Marketing i sprzedaż idą ramię w ramię. Rozmawiają ze sobą jak starzy przyjaciele, rodzeństwo wręcz. Rozumieją się w lot, a leady tylko krążą między ich rękami.
Czy tak to działa w Twojej firmie? Czy może marketing i sprzedaż chodzą zupełnie różnymi ścieżkami? W ogóle się nie spotykają? Marketing jest takim synem marnotrawnym, zawsze kosztem. Za to sprzedaż haruje jak wół, żeby wykarmić całą firmę?

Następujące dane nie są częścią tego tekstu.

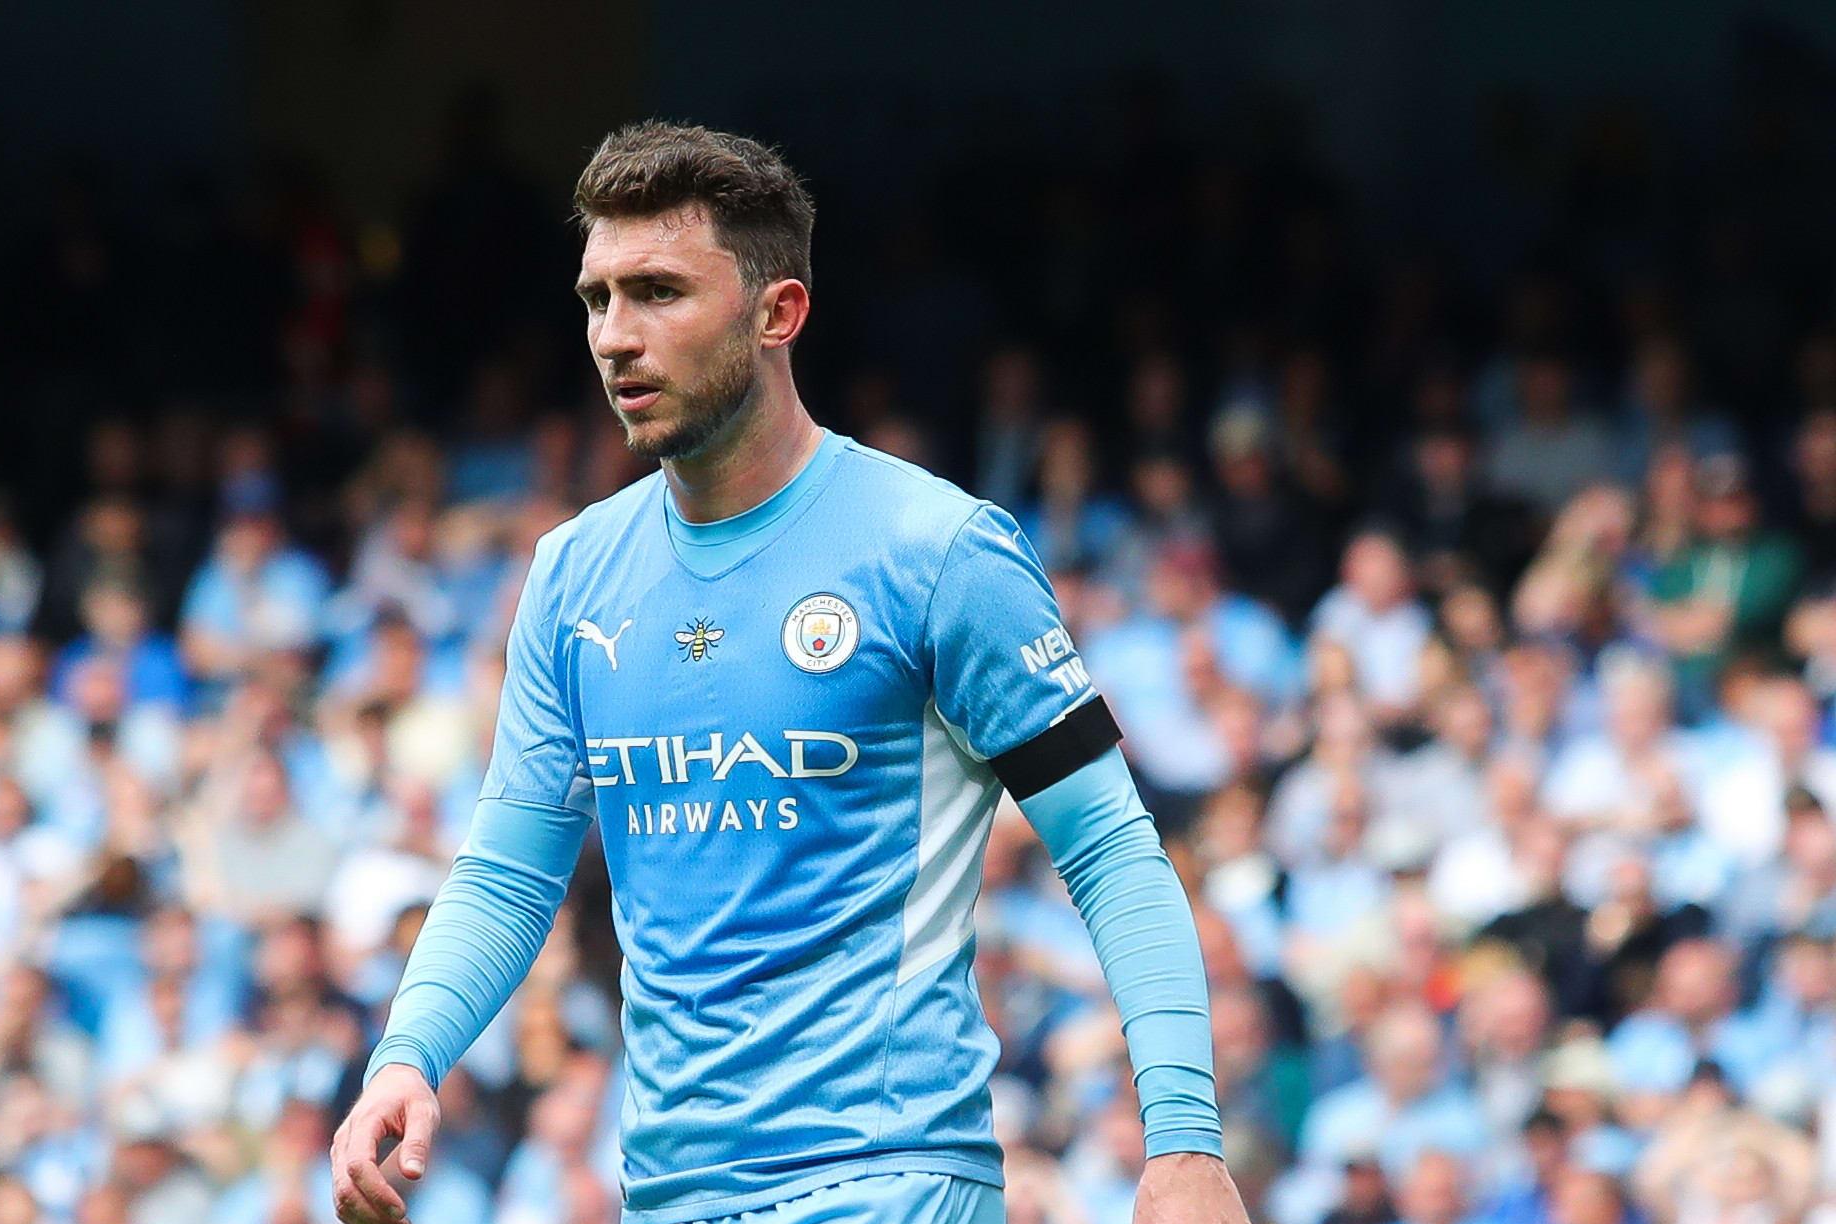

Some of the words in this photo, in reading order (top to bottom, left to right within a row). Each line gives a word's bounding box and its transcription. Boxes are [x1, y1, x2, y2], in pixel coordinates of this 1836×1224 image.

Nie musi tak być! Naprawdę istnieje coś takiego jak marketing sprzedaży, marketing, jako wsparcie sprzedaży, marketing, który realnie zwiększa sprzedaż.
Marketing nie sprzedaje, a w B2B to już w ogóle bez szans
- Tu się liczy networking, kontakty osobiste. Mamy sieć budowaną przez lata
- Jak brakuje klientów, robimy "obdzwonkę". Ciężki ten cold calling, ale od wielkiego dzwonu wejdzie z tego nowe zlecenie
- Marketing buduje nam markę. Pokazuje, że to nie firma-krzak. Żeby nie było wstydu
Marketing dla firm B2B może i powienien służyć sprzedaży.
Nie tylko budować nieuchwytną markę.
Inna rzecz, że niezadbany marketingowo wizerunek Twojej firmy w Internecie nie tylko nie przyciągnie nowych klientów, ale może wręcz odstraszyć tych z poleceń czy z networkingu.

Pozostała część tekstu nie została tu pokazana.